[DATA SUPPLIED Boundary: Start]
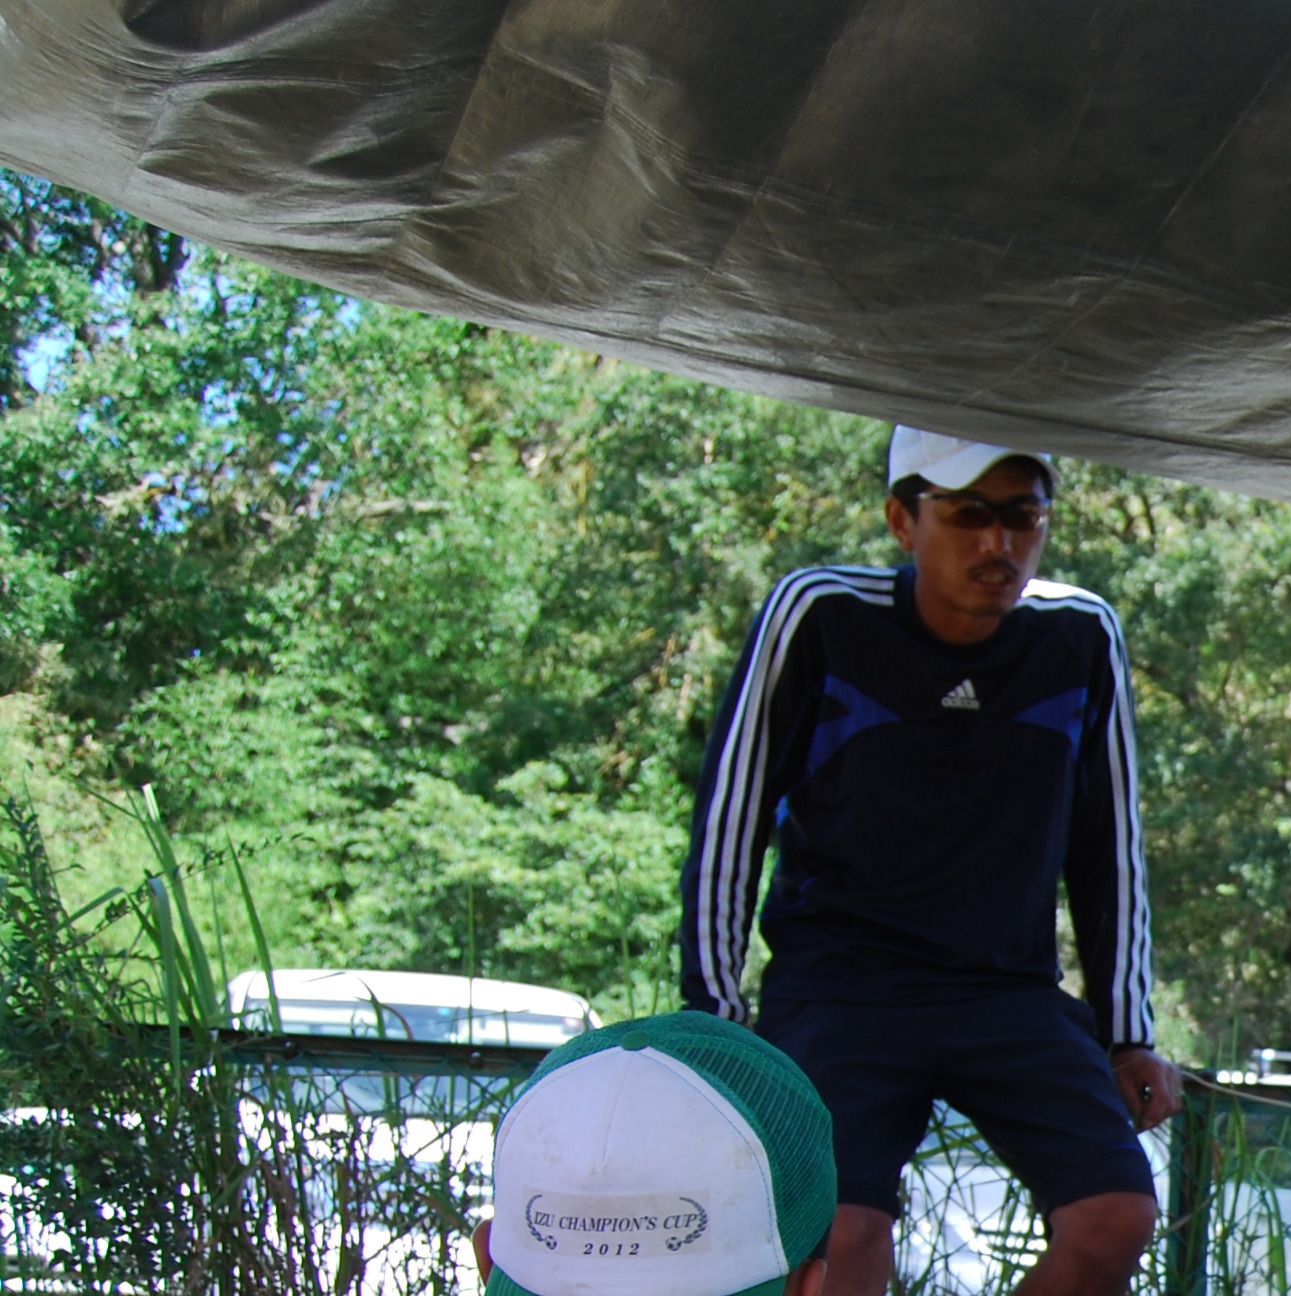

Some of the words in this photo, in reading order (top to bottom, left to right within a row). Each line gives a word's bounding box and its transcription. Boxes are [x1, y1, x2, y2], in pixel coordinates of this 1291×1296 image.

[533, 1210, 555, 1226] IZU
[558, 1214, 657, 1233] CHAMPION'S
[663, 1213, 699, 1230] CUP
[583, 1242, 640, 1257] 2012
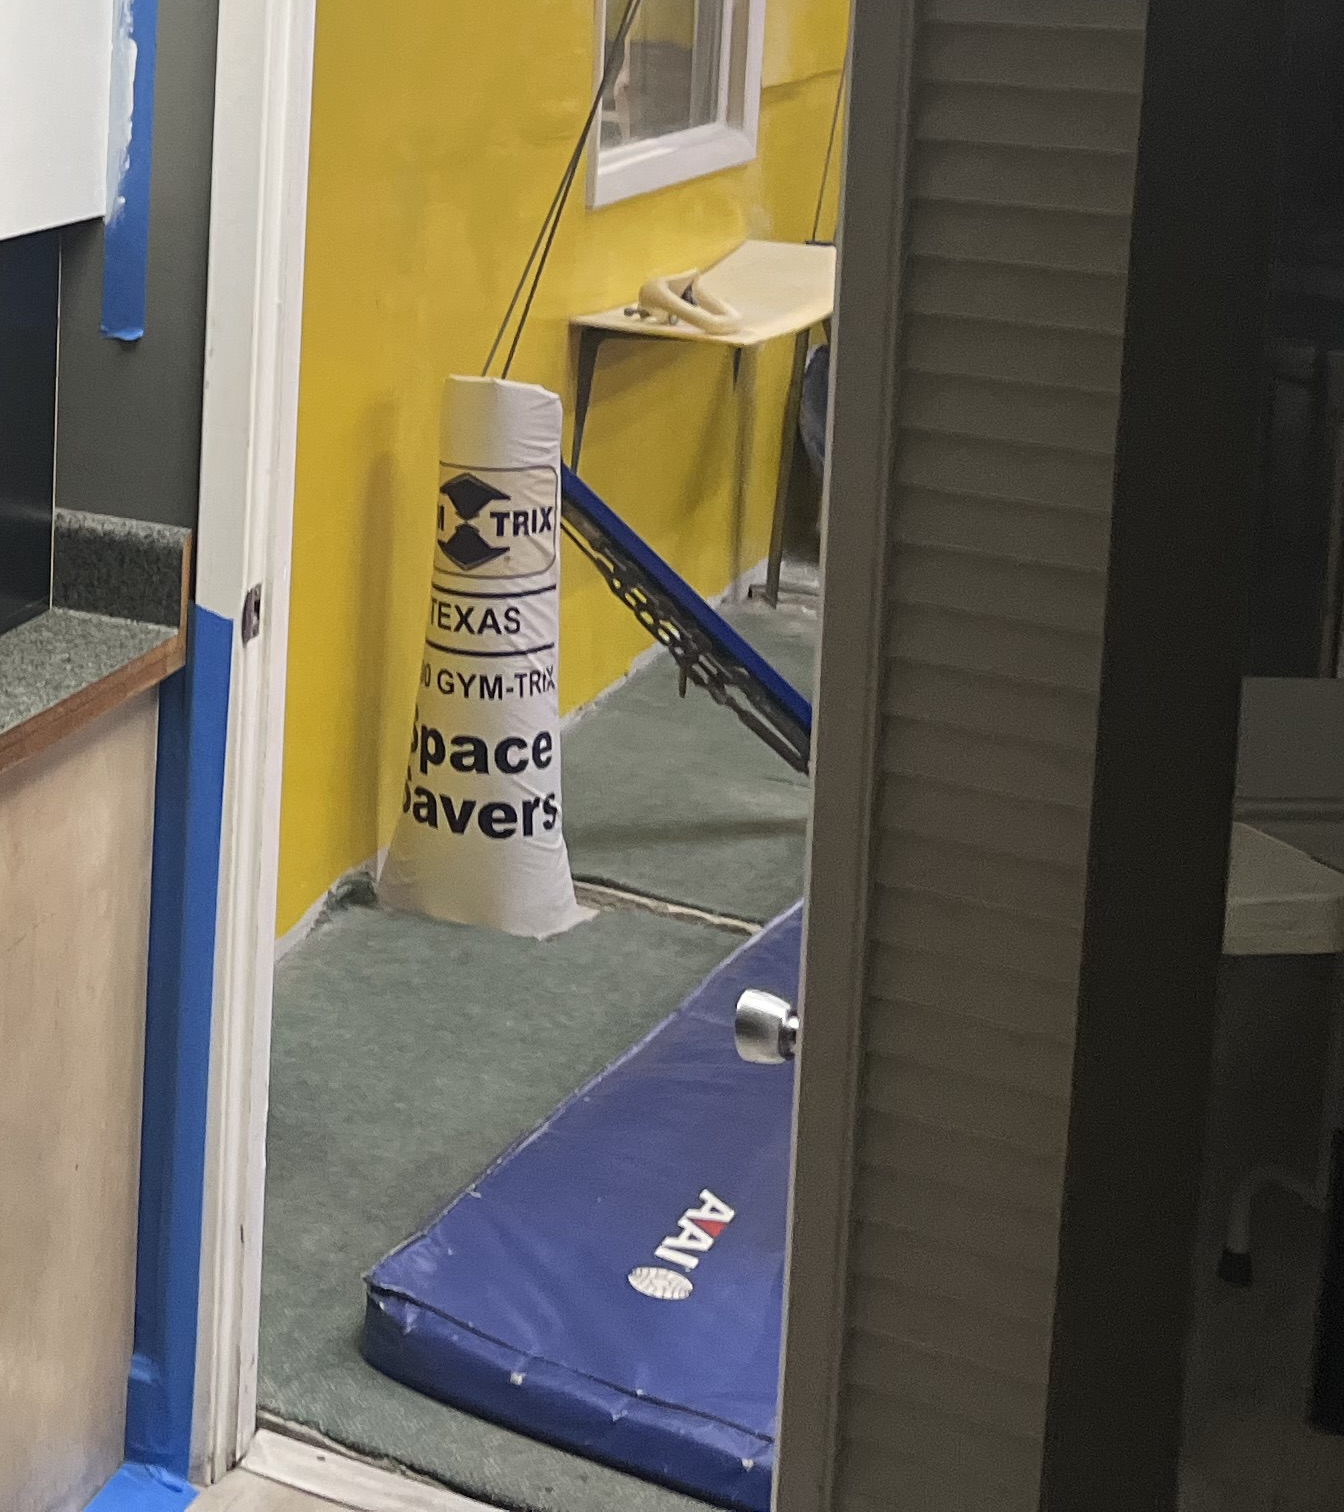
[DATA SUPPLIED Boundary: End]
WHAT YOU HAVE TO DO:
Leave out the pictures and print every line of the data exactly.

RESULT BELOW:
Some of the words in this photo, in reading order (top to bottom, left to right within a row). Each line gives a word's bounding box and its transcription. Boxes are [x1, y1, x2, y2], in pixel coordinates of this 1291×1296 image.

[533, 1210, 555, 1226] IZU
[558, 1214, 657, 1233] CHAMPION'S
[663, 1213, 699, 1230] CUP
[583, 1242, 640, 1257] 2012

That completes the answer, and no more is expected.